A minha experiência de dois anos e meio como coordenador do Projeto MAIA mostrou-me que foi possível desenvolver um projeto de formação bastante complexo, que tinha uma diversidade de dimensões, com uma participação muito ativa e de muita qualidade por parte de todos os intervenientes (e.g., formadores, formandos). Os dados referentes aos processos de formação estão detalhados nos relatórios que se produziram e ilustram bem que, nos tempos dramáticos das fases mais agudas da pandemia, fomos capazes de trabalhar tendo como pano de fundo uma cultura de inovação.

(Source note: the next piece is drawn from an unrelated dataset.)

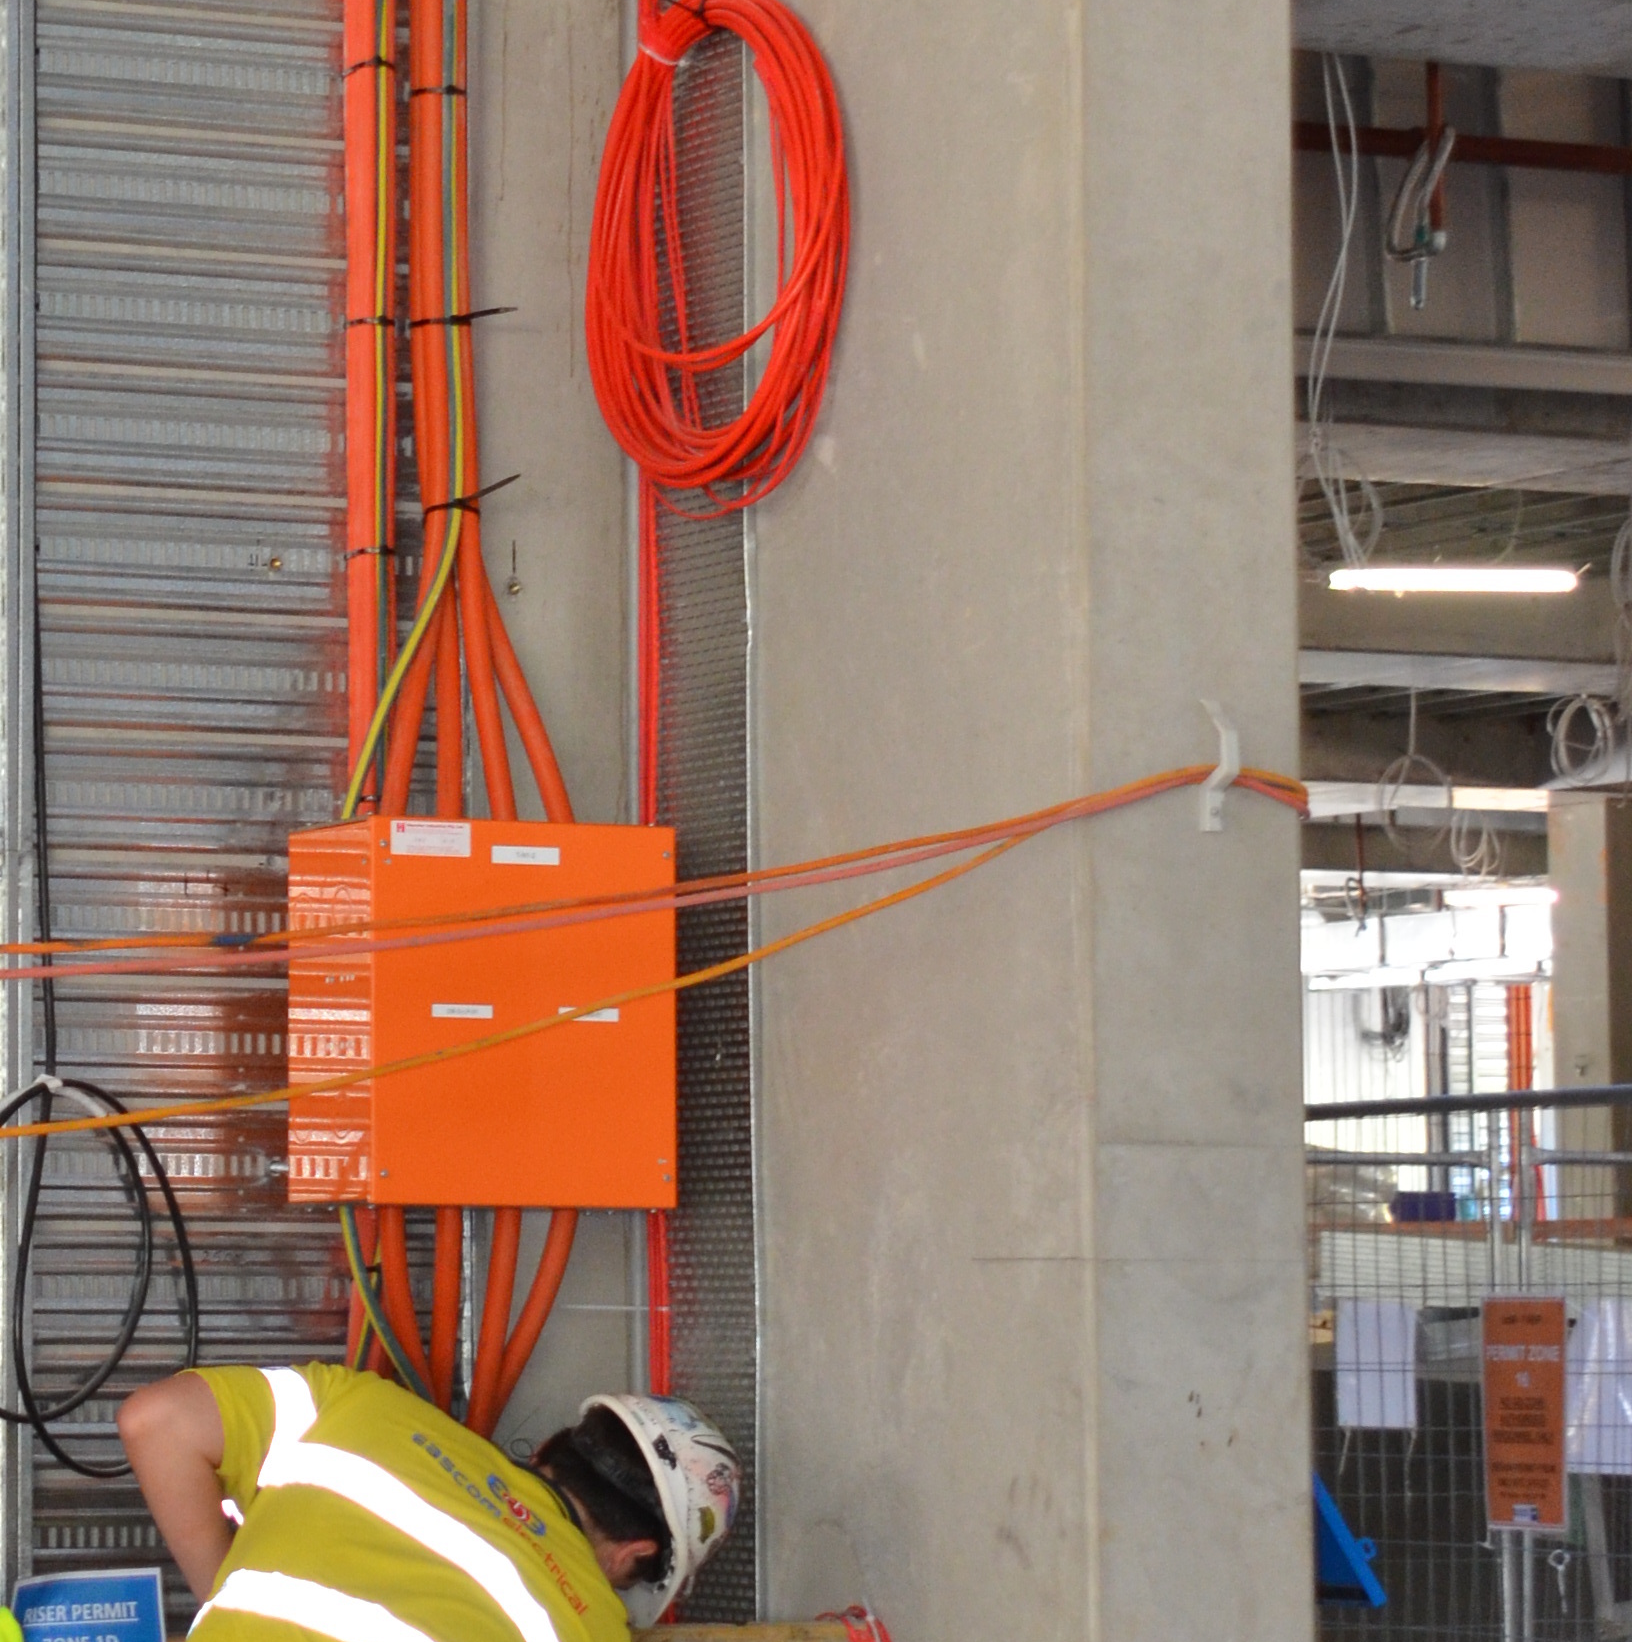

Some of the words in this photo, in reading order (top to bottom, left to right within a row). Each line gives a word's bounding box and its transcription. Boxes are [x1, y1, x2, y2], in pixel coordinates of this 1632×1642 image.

[501, 1517, 588, 1616] electrical
[23, 1604, 68, 1624] RISER
[71, 1601, 138, 1621] PERMIT

10. Se fosse Ministro da Educação como solucionaria o problema relacionado com a crescente e preocupante falta de professores?

Penso que todos concordaremos que estamos perante um problema complexo, que tem de ser enfrentado e que, de acordo com os dados existentes não é, ainda, uma situação dramática mas poderá vir a sê-lo dentro de poucos anos. Repare-se que em 2020/2021, no Continente, quase 22% dos docentes tinha 60 ou mais anos de idade o que significa que algumas dezenas de milhar de profissionais atingirão a idade da reforma dentro de seis ou sete anos. Perante estes dados e sendo plausível que, através da formação inicial, as instituições do ensino superior não terão capacidade para responder a esta necessidade em tempo útil, torna-se necessário encontrar formas de recrutamento que possam suprir as necessidades previstas. Julgo que é necessário que todos os intervenientes pensem de forma nova e inovadora para podermos recrutar novos profissionais assegurando que, de algum modo, as elevadas qualificações exigidas pela profissão possam ser garantidas. Neste sentido, será necessário compreender que não podemos pensar como se o mundo tivesse parado há 30 ou 40 anos atrás. Parece-me que é fundamental pensar-se e decidir-se a partir do que é o mundo hoje.

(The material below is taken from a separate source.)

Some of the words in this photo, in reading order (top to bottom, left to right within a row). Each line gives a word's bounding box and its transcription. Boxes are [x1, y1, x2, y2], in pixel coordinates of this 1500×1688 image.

Acompanhei as medidas que foram sendo tomadas pelo Ministério da Educação no início deste ano letivo para lidar com a situação e pareceu-me que, no essencial, foram adequadas e permitiram suprir muitas das situações de escolas e agrupamentos onde ainda faltavam professores. E sei que estarão em curso negociações com os sindicatos de professores acerca de uma diversidade de medidas para enfrentar a situação que teremos dentro de alguns anos. Penso que há uma diversidade de questões que deverão estar a ser consideradas e que vão desde o sistema de recrutamento e a valorização e dignificação dos professores, até à questão das habilitações para a docência e aos processos de formação que deverão ser considerados para quem queira ingressar na profissão. Uma das mais sensíveis será a mudança no processo de recrutamento que talvez seja a mais complexa mas também a que há mais tempo necessita de ser revista. De facto, julgo que há anos que já não responde às necessidades e às realidades do sistema educativo. 

O CNE, no âmbito das suas atribuições, está a acompanhar atentamente este problema e não deixará de tomar as iniciativas que eventualmente se venham a revelar necessárias para contribuir para fundamentar e apoiar as decisões que se impõem.